## What you need to do
Reproduce the data below in full and exclude every picture.

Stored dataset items
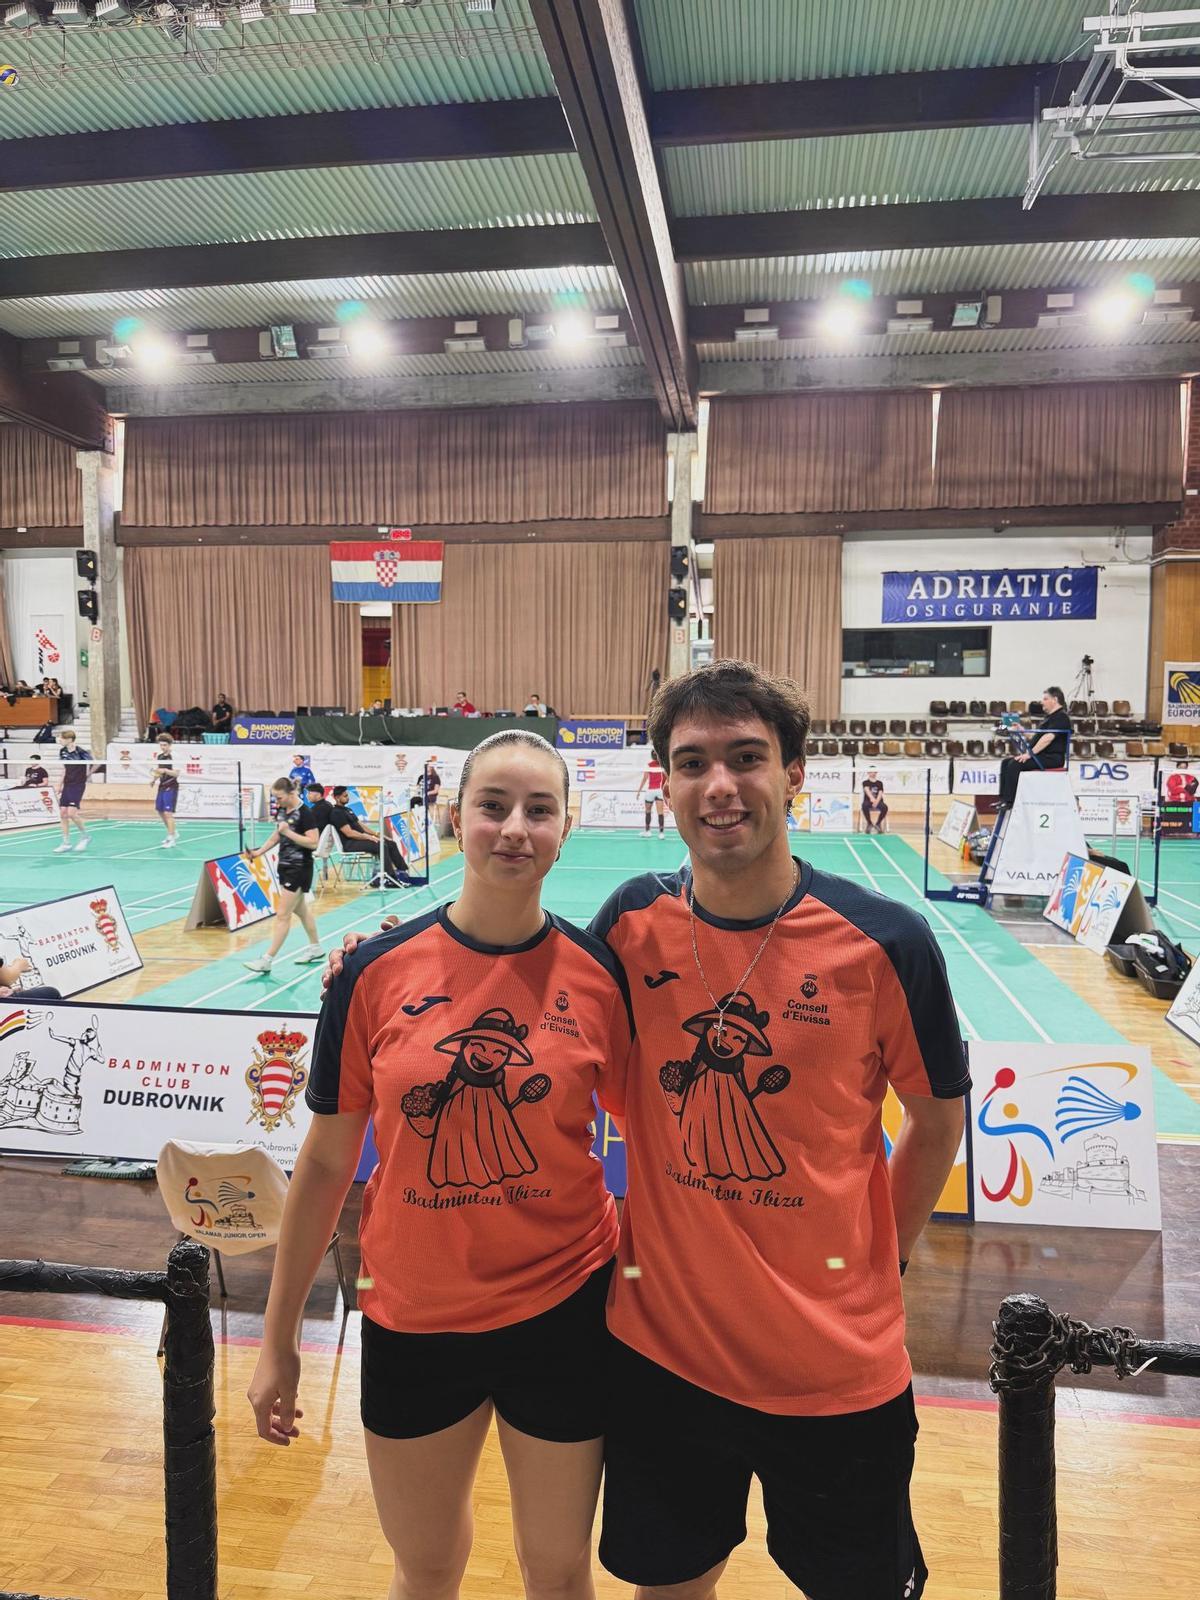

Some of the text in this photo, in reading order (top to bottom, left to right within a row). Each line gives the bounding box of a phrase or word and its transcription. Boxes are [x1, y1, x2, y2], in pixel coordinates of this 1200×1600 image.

[907, 574, 1073, 600] ADRIATIC
[906, 602, 1072, 617] OSIGURANJE
[250, 731, 293, 740] EUROPE
[577, 735, 621, 744] EUROPE
[811, 771, 840, 781] MAR
[960, 770, 1000, 784] Allia
[1080, 762, 1129, 780] DAS
[1039, 813, 1050, 828] 2
[1006, 871, 1059, 881] VALAM
[37, 925, 90, 946] BADMINTON
[57, 939, 80, 951] CLUB
[46, 943, 97, 968] DUBROVNIK
[787, 999, 828, 1014] Consell
[543, 1012, 578, 1027] Consell
[782, 1010, 831, 1026] d'Eivissa
[540, 1022, 580, 1038] d'Eivissa
[108, 1058, 230, 1076] BADMINTON
[142, 1076, 191, 1090] CLUB
[103, 1089, 225, 1113] DUBROVNIK
[402, 1184, 553, 1210] Badminton Ibiza
[750, 1189, 805, 1208] Ibiza

## Answer area
Some of the text in this photo, in reading order (top to bottom, left to right within a row). Each line gives the bounding box of a phrase or word and its transcription. Boxes are [x1, y1, x2, y2], in pixel coordinates of this 1200×1600 image.

[907, 574, 1073, 600] ADRIATIC
[906, 602, 1072, 617] OSIGURANJE
[250, 731, 293, 740] EUROPE
[577, 735, 621, 744] EUROPE
[811, 771, 840, 781] MAR
[960, 770, 1000, 784] Allia
[1080, 762, 1129, 780] DAS
[1039, 813, 1050, 828] 2
[1006, 871, 1059, 881] VALAM
[37, 925, 90, 946] BADMINTON
[57, 939, 80, 951] CLUB
[46, 943, 97, 968] DUBROVNIK
[787, 999, 828, 1014] Consell
[543, 1012, 578, 1027] Consell
[782, 1010, 831, 1026] d'Eivissa
[540, 1022, 580, 1038] d'Eivissa
[108, 1058, 230, 1076] BADMINTON
[142, 1076, 191, 1090] CLUB
[103, 1089, 225, 1113] DUBROVNIK
[402, 1184, 553, 1210] Badminton Ibiza
[750, 1189, 805, 1208] Ibiza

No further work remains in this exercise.